Type of data encryption

Honey encryption is a type of data encryption that "produces a ciphertext, which, when decrypted with an incorrect key as guessed by the attacker, presents a plausible-looking yet incorrect plaintext."

==Creators==
Ari Juels and Thomas Ristenpart of the University of Wisconsin, the developers of the encryption system, presented a paper on honey encryption at the 2014 Eurocrypt cryptography conference.

==Method of protection==

A brute-force attack involves repeated decryption with random keys; this is equivalent to picking random plaintexts from the space of all possible plaintexts with a uniform distribution. This is effective because even though the attacker is equally likely to see any given plaintext, most plaintexts are extremely unlikely to be legitimate i.e. the distribution of legitimate plaintexts is non-uniform. Honey encryption defeats such attacks by first transforming the plaintext into a space such that the distribution of legitimate plaintexts is uniform. Thus an attacker guessing keys will see legitimate-looking plaintexts frequently and random-looking plaintexts infrequently. This makes it difficult to determine when the correct key has been guessed. In effect, honey encryption "[serves] up fake data in response to every incorrect guess of the password or encryption key."
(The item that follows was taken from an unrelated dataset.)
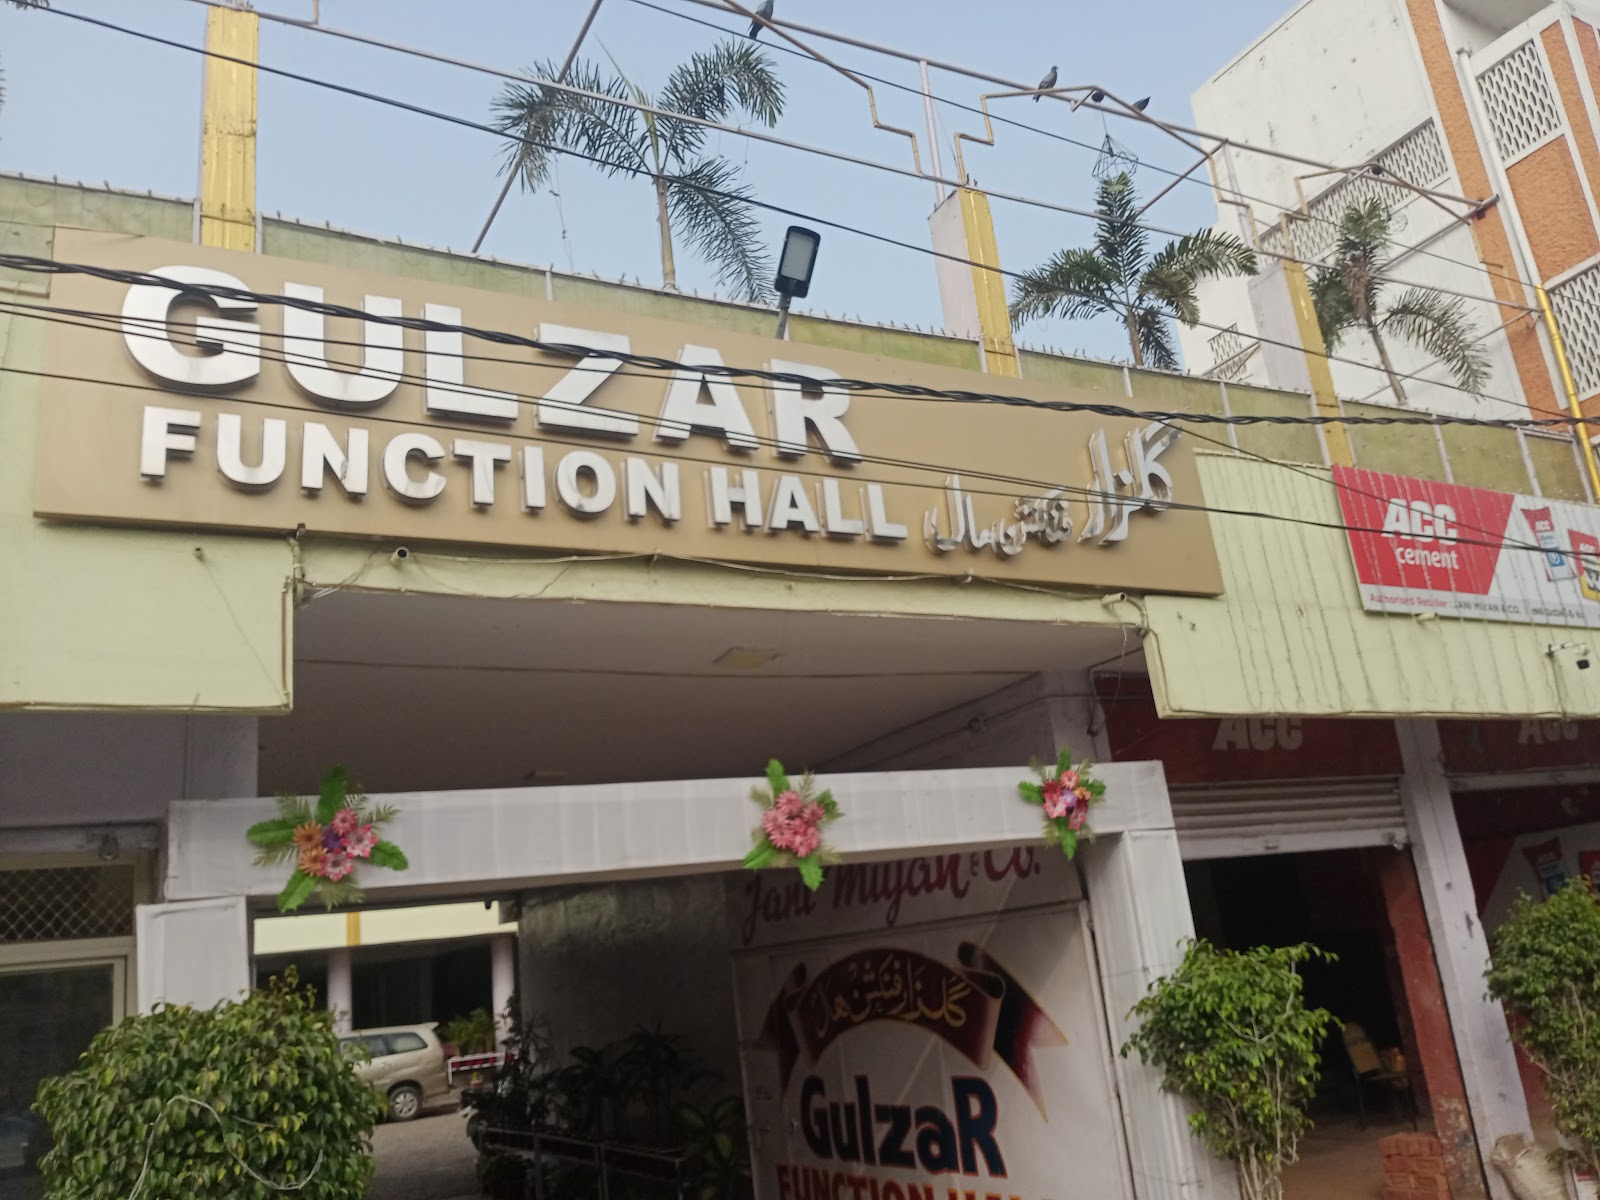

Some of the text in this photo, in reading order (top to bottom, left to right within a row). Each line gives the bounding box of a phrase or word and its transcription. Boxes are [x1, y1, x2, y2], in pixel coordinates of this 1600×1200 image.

The security of honey encryption relies on the fact that the probability of an attacker judging a plaintext to be legitimate can be calculated (by the encrypting party) at the time of encryption. This makes honey encryption difficult to apply in certain applications e.g. where the space of plaintexts is very large or the distribution of plaintexts is unknown. It also means that honey encryption can be vulnerable to brute-force attacks if this probability is miscalculated. For example, it is vulnerable to known-plaintext attacks: if the attacker has a crib that a plaintext must match to be legitimate, they will be able to brute-force even Honey Encrypted data if the encryption did not take the crib into account.

==Example==

An encrypted credit card number is susceptible to brute-force attacks because not every string of digits is equally likely. The number of digits can range from 13 to 19, though 16 is the most common. Additionally, it must have a valid IIN and the last digit must match the checksum. An attacker can also take into account the popularity of various services: an IIN from MasterCard is probably more likely than an IIN from Diners Club Carte Blanche.

Honey encryption can protect against these attacks by first mapping credit card numbers to a larger space where they match their likelihood of legitimacy. Numbers with invalid IINs and checksums are not mapped at all (i.e. have probability 0 of legitimacy). Numbers from large brands like MasterCard and Visa map to large regions of this space, while less popular brands map to smaller regions, etc. An attacker brute-forcing such an encryption scheme would only see legitimate-looking credit card numbers when they brute-force, and the numbers would appear with the frequency the attacker would expect from the real world.

==Application==
Juels and Ristenpart aim to use honey encryption to protect data stored on password manager services. Juels stated that "password managers are a tasty target for criminals," and worries that "if criminals get a hold of a large collection of encrypted password vaults they could probably unlock many of them without too much trouble."

Hristo Bojinov, CEO and founder of Anfacto, noted that "Honey Encryption could help reduce their vulnerability. But he notes that not every type of data will be easy to protect this way. … Not all authentication or encryption system yield themselves to being honeyed."